Abstract. Estimates of CO2 fluxes that are based on atmospheric data rely upon a meteorological model to simulate atmospheric CO2 transport. These models provide a quantitative link between surface fluxes of CO2 and atmospheric measurements taken downwind. Therefore, any errors in the meteorological model can propagate into atmospheric CO2 transport and ultimately bias the estimated CO2 fluxes. These errors, however, have traditionally been difficult to characterize. To examine the effects of CO2 transport errors on estimated CO2 fluxes, we use a global meteorological model-data assimilation system known as "CAM–LETKF" to quantify two aspects of the transport errors: error variances (standard deviations) and temporal error correlations.
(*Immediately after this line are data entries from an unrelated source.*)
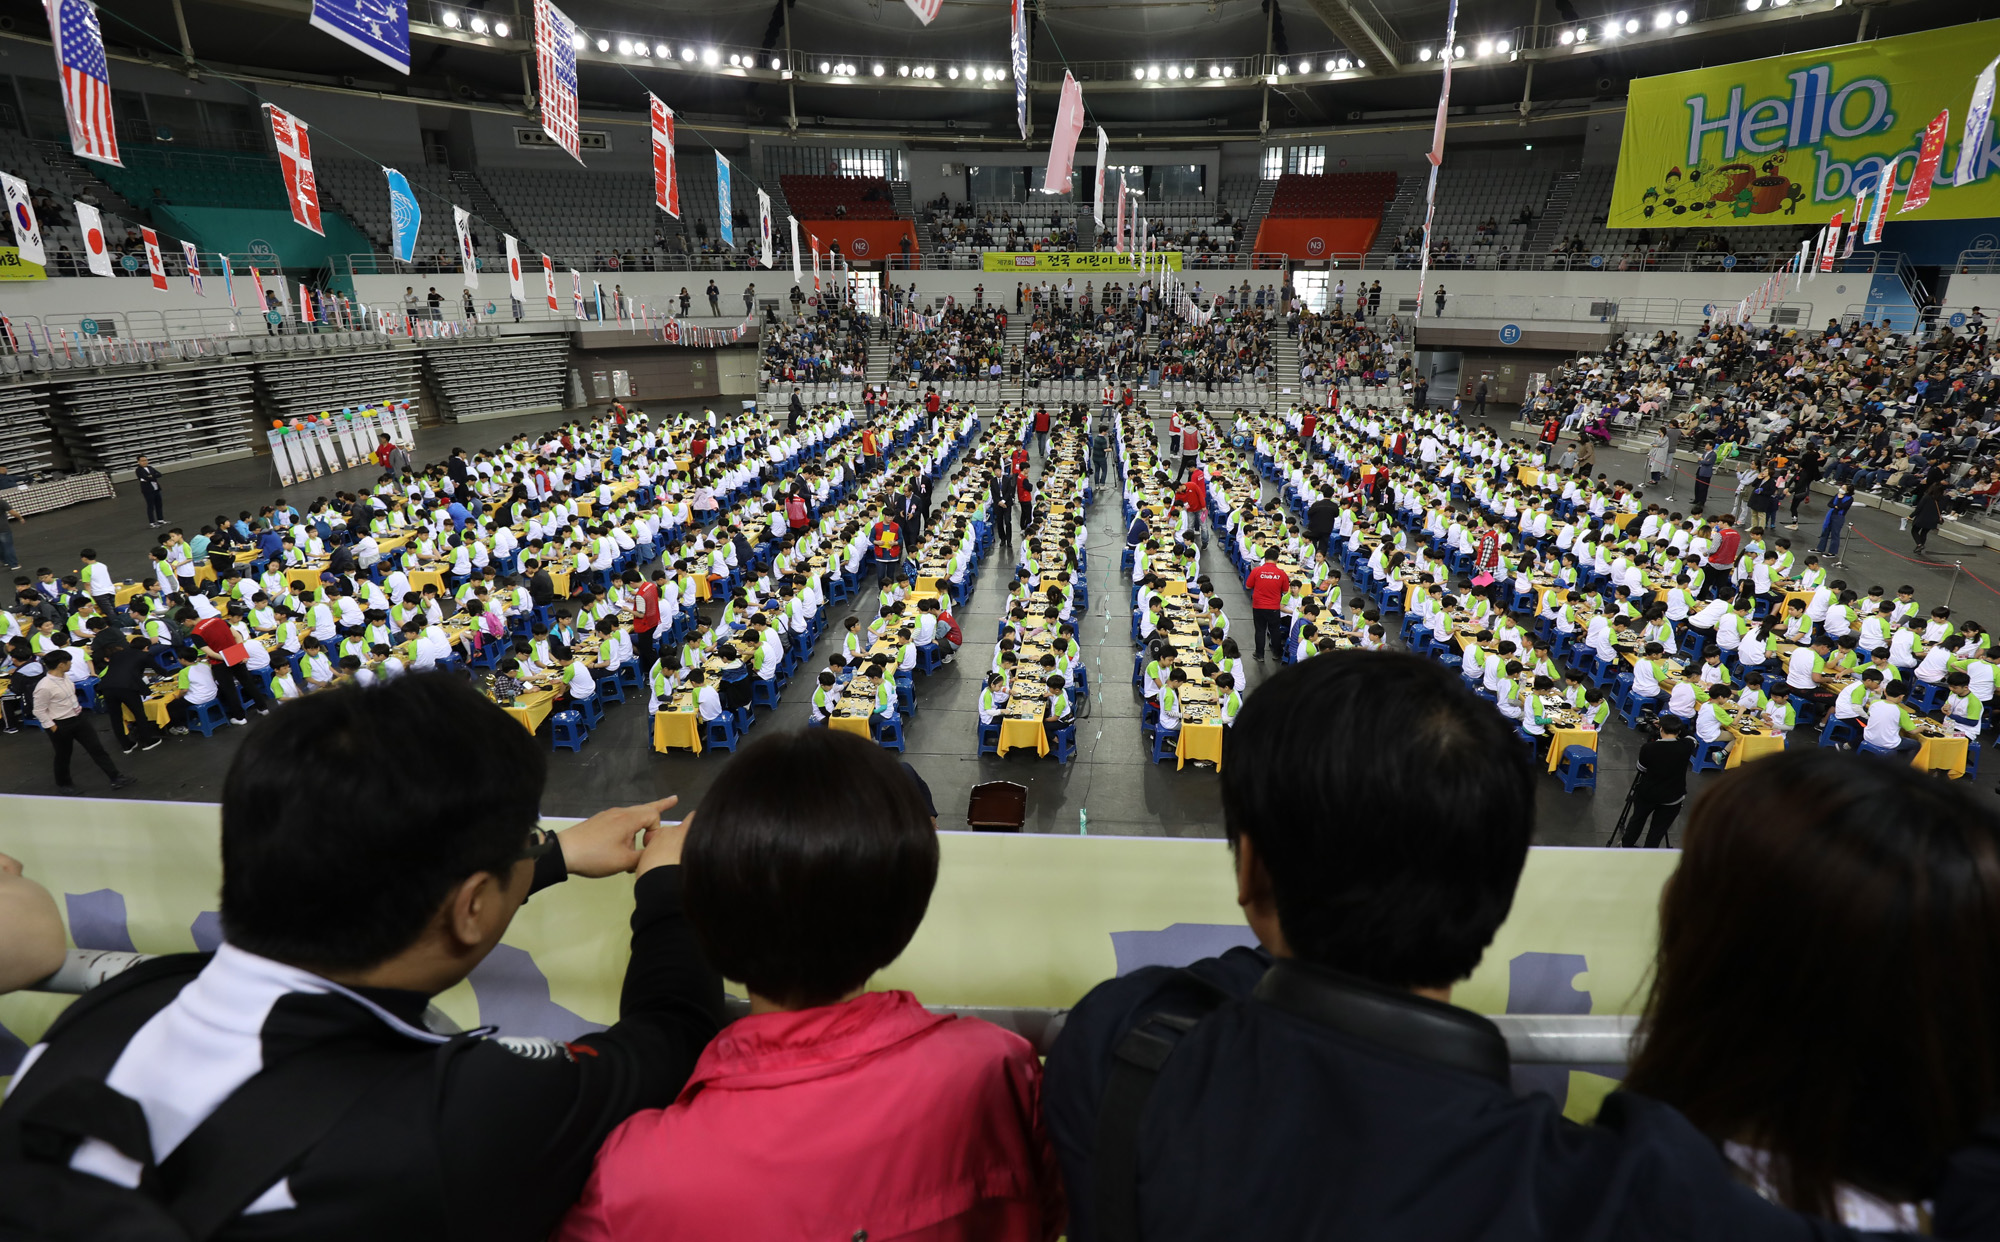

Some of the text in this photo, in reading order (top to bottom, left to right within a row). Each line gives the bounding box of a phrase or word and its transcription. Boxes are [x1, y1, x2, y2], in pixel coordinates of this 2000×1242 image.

[1686, 65, 1895, 165] Hello,
[251, 245, 270, 254] W3
[855, 242, 866, 250] N2
[1975, 240, 1993, 250] E2
[1047, 254, 1070, 267] 전국
[1076, 254, 1112, 267] 어린이
[1504, 328, 1516, 337] E1
Furthermore, we develop two case studies. In the first case study, we examine the extent to which CO2 transport uncertainties can bias CO2 flux estimates. In particular, we use a common flux estimate known as CarbonTracker to discover the minimum hypothetical bias that can be detected above the CO2 transport uncertainties. In the second case study, we then investigate which meteorological conditions may contribute to month-long biases in modeled atmospheric transport. We estimate 6 hourly CO2 transport uncertainties in the model surface layer that range from 0.15 to 9.6 ppm (standard deviation), depending on location, and we estimate an average error decorrelation time of ∼2.3 days at existing CO2 observation sites. As a consequence of these uncertainties, we find that CarbonTracker CO2 fluxes would need to be biased by at least 29%, on average, before that bias were detectable at existing non-marine atmospheric CO2 observation sites. Furthermore, we find that persistent, bias-type errors in atmospheric transport are associated with consistent low net radiation, low energy boundary layer conditions. The meteorological model is not necessarily more uncertain in these conditions. Rather, the extent to which meteorological uncertainties manifest as persistent atmospheric transport biases appears to depend, at least in part, on the energy and stability of the boundary layer. Existing CO2 flux studies may be more likely to estimate inaccurate regional fluxes under those conditions.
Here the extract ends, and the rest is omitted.